Task requirements | Say the data back exactly as it is written below.

◆ ◆ ◆ ◆

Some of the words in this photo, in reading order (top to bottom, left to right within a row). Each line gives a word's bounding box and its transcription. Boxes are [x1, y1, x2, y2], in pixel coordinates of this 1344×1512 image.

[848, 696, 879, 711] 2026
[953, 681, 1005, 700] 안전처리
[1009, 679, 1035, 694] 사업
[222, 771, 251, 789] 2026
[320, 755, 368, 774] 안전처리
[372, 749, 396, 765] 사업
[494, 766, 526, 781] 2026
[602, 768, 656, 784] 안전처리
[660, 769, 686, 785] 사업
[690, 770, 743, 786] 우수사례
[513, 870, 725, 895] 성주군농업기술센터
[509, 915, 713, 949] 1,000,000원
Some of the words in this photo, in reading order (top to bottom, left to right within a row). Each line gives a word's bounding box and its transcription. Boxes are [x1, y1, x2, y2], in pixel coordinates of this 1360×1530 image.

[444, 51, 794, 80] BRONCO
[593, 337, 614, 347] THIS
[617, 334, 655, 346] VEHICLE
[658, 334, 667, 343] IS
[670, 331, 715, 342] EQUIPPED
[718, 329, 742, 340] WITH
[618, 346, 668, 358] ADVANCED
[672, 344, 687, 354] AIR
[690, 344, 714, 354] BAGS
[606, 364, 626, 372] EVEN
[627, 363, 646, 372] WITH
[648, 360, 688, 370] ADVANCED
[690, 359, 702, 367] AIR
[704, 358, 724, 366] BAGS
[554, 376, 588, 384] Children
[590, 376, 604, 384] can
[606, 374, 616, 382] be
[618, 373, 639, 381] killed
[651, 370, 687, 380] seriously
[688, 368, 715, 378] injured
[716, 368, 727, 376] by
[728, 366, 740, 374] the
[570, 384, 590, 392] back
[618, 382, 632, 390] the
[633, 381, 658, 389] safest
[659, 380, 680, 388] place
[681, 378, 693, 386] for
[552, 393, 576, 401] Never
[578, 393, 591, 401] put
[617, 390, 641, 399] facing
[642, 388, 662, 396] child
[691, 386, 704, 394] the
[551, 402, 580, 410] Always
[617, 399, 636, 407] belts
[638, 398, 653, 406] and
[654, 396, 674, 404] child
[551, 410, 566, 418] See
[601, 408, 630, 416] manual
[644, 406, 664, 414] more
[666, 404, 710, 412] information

◆ ◆ ◆ ◆

Output below |
Some of the words in this photo, in reading order (top to bottom, left to right within a row). Each line gives a word's bounding box and its transcription. Boxes are [x1, y1, x2, y2], in pixel coordinates of this 1344×1512 image.

[848, 696, 879, 711] 2026
[953, 681, 1005, 700] 안전처리
[1009, 679, 1035, 694] 사업
[222, 771, 251, 789] 2026
[320, 755, 368, 774] 안전처리
[372, 749, 396, 765] 사업
[494, 766, 526, 781] 2026
[602, 768, 656, 784] 안전처리
[660, 769, 686, 785] 사업
[690, 770, 743, 786] 우수사례
[513, 870, 725, 895] 성주군농업기술센터
[509, 915, 713, 949] 1,000,000원
Some of the words in this photo, in reading order (top to bottom, left to right within a row). Each line gives a word's bounding box and its transcription. Boxes are [x1, y1, x2, y2], in pixel coordinates of this 1360×1530 image.

[444, 51, 794, 80] BRONCO
[593, 337, 614, 347] THIS
[617, 334, 655, 346] VEHICLE
[658, 334, 667, 343] IS
[670, 331, 715, 342] EQUIPPED
[718, 329, 742, 340] WITH
[618, 346, 668, 358] ADVANCED
[672, 344, 687, 354] AIR
[690, 344, 714, 354] BAGS
[606, 364, 626, 372] EVEN
[627, 363, 646, 372] WITH
[648, 360, 688, 370] ADVANCED
[690, 359, 702, 367] AIR
[704, 358, 724, 366] BAGS
[554, 376, 588, 384] Children
[590, 376, 604, 384] can
[606, 374, 616, 382] be
[618, 373, 639, 381] killed
[651, 370, 687, 380] seriously
[688, 368, 715, 378] injured
[716, 368, 727, 376] by
[728, 366, 740, 374] the
[570, 384, 590, 392] back
[618, 382, 632, 390] the
[633, 381, 658, 389] safest
[659, 380, 680, 388] place
[681, 378, 693, 386] for
[552, 393, 576, 401] Never
[578, 393, 591, 401] put
[617, 390, 641, 399] facing
[642, 388, 662, 396] child
[691, 386, 704, 394] the
[551, 402, 580, 410] Always
[617, 399, 636, 407] belts
[638, 398, 653, 406] and
[654, 396, 674, 404] child
[551, 410, 566, 418] See
[601, 408, 630, 416] manual
[644, 406, 664, 414] more
[666, 404, 710, 412] information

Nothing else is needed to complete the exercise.